NOTE: Although I don't believe that it makes much difference, this
proceedure was outlined and done on a car that has the
HKS super power flow filter installed. If I remember correctly
I don't think that the stock filter gets in the way too much.
NOTE: If memory serves, I believe that the owners manual says
that the fuel filter on a 1993 MR2 turbo, should be changed
at intervals of 30,000 miles.
WARNING: since you will be working with gas, and it is extremely
flammable then I would make the following suggestions:
1. have no open flame source anywhere near
2. have more than adequate ventilation
3. use a safety drop light
4. have a fire extinguisher very near by
5. use a lot of common sense
Total time required from start through cleanup for this
first time change, about 1 hour.
Personal Note: as for me, there are many other types of fuel filters
available, and after having changed out one of these
being that it was not the hardest thing I have done so far
it was enough of a hassle, and expensive enough for the
replacement filter that I am considering using an after
market replacement fuel filter, located perhaps in a
more convenient location and with a replaceable filter
cartridge rather than having to replace the entire unit
for almost 30 dollars.
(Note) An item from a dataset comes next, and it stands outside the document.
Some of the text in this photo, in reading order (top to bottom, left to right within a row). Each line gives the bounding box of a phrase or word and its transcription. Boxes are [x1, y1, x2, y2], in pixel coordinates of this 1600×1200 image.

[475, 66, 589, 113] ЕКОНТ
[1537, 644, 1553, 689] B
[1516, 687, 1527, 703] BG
Fram happens to make a nice unit
and the filter cartridges are only $10.
And one has to look at the specific design of this stock
filter and think, "What the hell were these engineers
thinking."
Tools Used:
1/2 drive breaker bar
1/2 -> 3/8 drive adapter
3/8 socket drive
1/4 socket drive
10 inch 3/8 drive extension
6 inch 3/8 drive extension
3 inch 3/8 drive extension
17mm socket 3/8 drive
10mm socket 1/4 drive NOTE: you could use an open end or box wrench
6 inch sutures (sissor like clamps that doctors use)
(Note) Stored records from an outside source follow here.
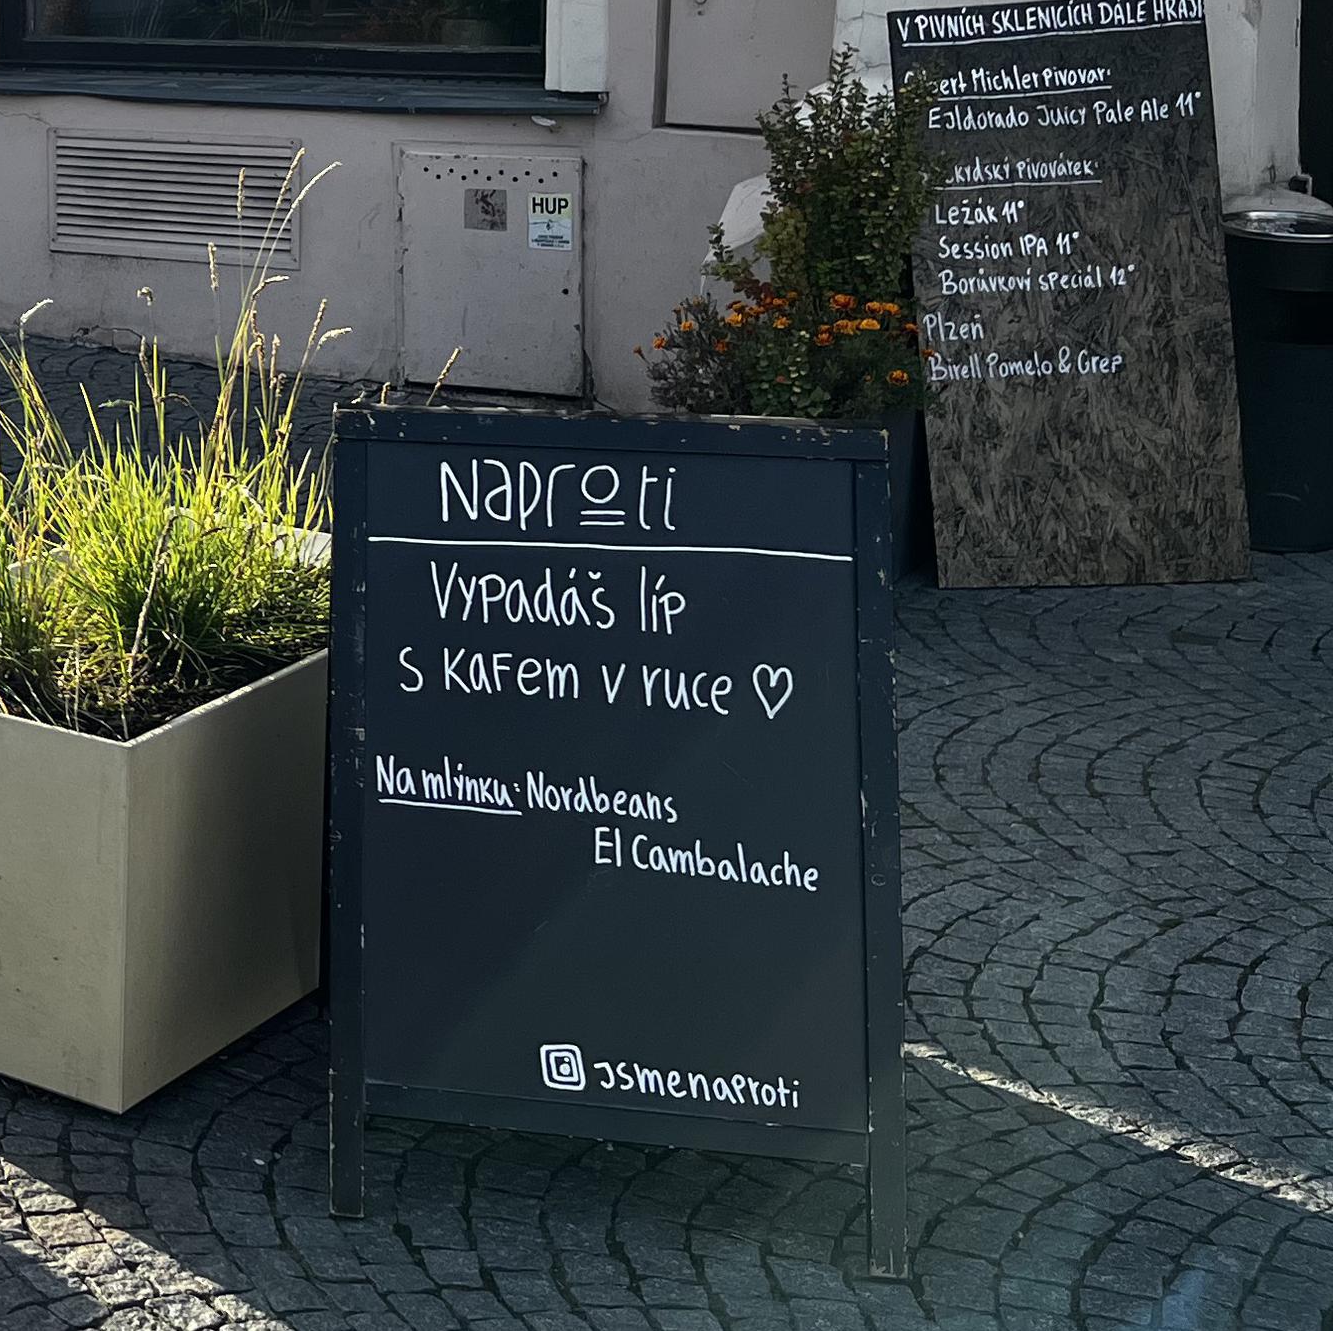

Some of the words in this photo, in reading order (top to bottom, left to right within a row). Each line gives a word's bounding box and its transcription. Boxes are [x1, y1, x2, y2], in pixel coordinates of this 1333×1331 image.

[896, 16, 910, 42] V
[914, 7, 985, 41] PIVNÍCH
[991, 0, 1094, 34] SKLENICÍCH
[971, 64, 1039, 93] Michler
[1092, 99, 1135, 125] Pale
[1140, 98, 1170, 122] Ale
[532, 196, 569, 215] HUP
[935, 197, 999, 225] Ležák
[938, 235, 1014, 260] Session
[1019, 234, 1049, 257] IPA
[927, 351, 982, 381] Birell
[986, 351, 1053, 379] Pomelo
[1058, 345, 1072, 374] &
[430, 560, 615, 631] Vypadáš
[639, 565, 687, 636] líp
[642, 666, 733, 716] ruce
[375, 754, 416, 796] Na
[525, 770, 679, 823] Nordbeans
[594, 826, 622, 868] El
[631, 833, 820, 892] Cambalache
(NOTE: a pair of small vise grips would work also.)
stock car jack
torque wrench that goes to at least 22 ft lbs.
two large bath towels
one small hand towel
large 5000->10000 CFM fan NOTE: I had a three speed fan set on
the second speed.
safety drop light
Parts Purchased:
#23300-79275 fuel filter set Cost: $29.90 US dollars
(note: included four aluminum gasket rings.)
Initial Setup:
Since I did the work in my garage I will reference things as
though you were working in your own garage.
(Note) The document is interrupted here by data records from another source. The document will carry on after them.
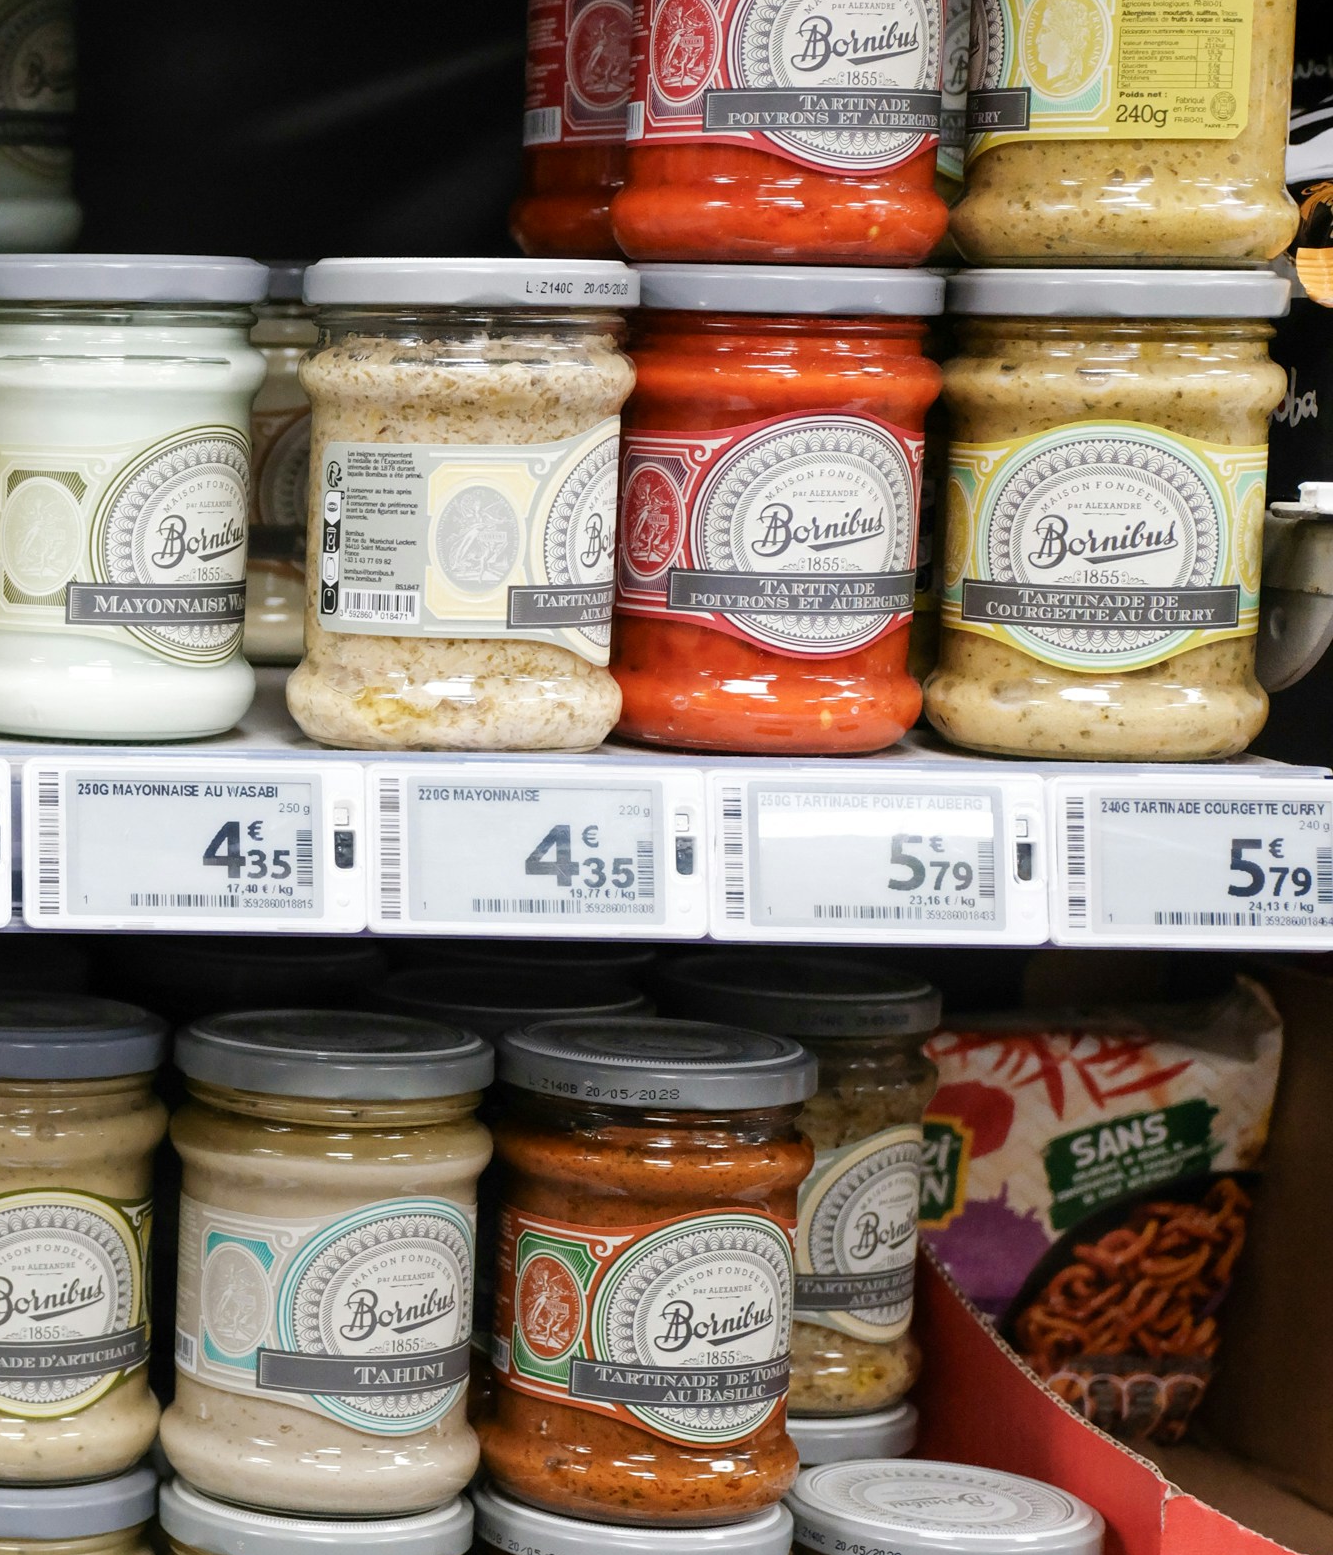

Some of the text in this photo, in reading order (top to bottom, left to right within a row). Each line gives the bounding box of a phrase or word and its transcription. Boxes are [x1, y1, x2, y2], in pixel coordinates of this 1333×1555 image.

[1116, 102, 1169, 128] 240g
[1029, 515, 1179, 569] Bornibus
[1017, 590, 1179, 609] TARTINADE DE
[986, 603, 1216, 622] COURGETTE AU CURRY
[78, 784, 279, 799] 250G MAYONNAISE AU WASABI
[1070, 1113, 1167, 1164] SANS
I setup the fan at the front of the car so that the air blows
back to the rear of the car and out the open garage door to outside.
This way there is no way there can accumulate any gas fumes.
WARNING: under any conditions, make sure that you have more than
sufficient ventilation.
OK ready to start:
Setup the stock jack under the drivers rear lift point and jack
up the car sufficient so that you can easily slide in and out of
under the car between the tire and the jack.
Personal preference note: you may want to break loose the top
screw on the old fuel filter before jacking up the car. Since I
am almost 6 ft tall I found it no problem to reach back down into
the engine compartment to do this, with the car jacked up.
So using the 1/2 drive breaker bar, the 1/2->3/8 drive adapter and
the 17mm socket plus all three extensions, the 10 inch, 6 inch and
the 3 inch, unless you have a 19 inch extension all in one piece,
reach down into the engine compartment and break loose the top
fuel line screw on the filter. NOTE: even with the breaker bar
it was a bit of a push to break it loose. NOTE: on my car there was
next to no fuel spilled out when the top fuel line was disconnected.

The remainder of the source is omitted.